The fat broad at the Big Apple had been more than helpful.

He’d learned a long time ago that most people generally were, if you knew how to handle them. And Teddy Constantine knew how to handle people. You just flattered them a little, asked your questions, and stood back and waited. Most people would fall all over themselves in an effort to fill the silence. This broad—Dee, according to her name tag—had been no exception. She’d responded to his smile, to his charm. Responded
like a giggly teenage girl to his compliment about how nicely her blue shirt brought out the blue in her eyes. Then she’d spilled like a geyser about Annie Kendall, who’d just moved to town with her daughter Sophie and had bought the Twilight Motel, which should have been flattened by a wrecking ball years ago. But the former owner had turned it into a video rental store, except that somebody had trashed the place a few days ago and put it out of commission, at least temporarily, so she wasn’t sure what the Kendall woman would do now. Especially with Estelle needing a job because she was pregnant, big as a house at only six months, and she needed to save as much money as possible to tide her over while she was out of work when the baby came.
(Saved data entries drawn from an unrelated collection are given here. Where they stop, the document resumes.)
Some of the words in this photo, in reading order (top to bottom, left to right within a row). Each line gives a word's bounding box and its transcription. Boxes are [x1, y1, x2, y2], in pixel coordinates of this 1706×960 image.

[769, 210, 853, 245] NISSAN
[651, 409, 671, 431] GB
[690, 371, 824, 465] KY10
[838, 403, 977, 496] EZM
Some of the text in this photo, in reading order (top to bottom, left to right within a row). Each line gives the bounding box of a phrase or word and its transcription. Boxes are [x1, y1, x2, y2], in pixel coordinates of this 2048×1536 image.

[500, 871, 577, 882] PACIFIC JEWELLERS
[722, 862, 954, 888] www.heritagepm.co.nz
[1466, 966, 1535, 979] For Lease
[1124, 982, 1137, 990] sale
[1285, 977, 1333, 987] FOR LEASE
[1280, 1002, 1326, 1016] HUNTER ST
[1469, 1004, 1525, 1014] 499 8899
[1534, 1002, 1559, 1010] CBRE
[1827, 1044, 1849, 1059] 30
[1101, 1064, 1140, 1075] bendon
He’d almost shot the bitch, just to shut her up. She’d given him way more information than he needed. He didn’t know who the hell Estelle was, and he didn’t care. An address for the Twilight would have been sufficient. Her directions were easy to follow, though. Just cross the old bridge and follow the state highway along the river. It was a couple of miles on the right. He couldn’t miss it.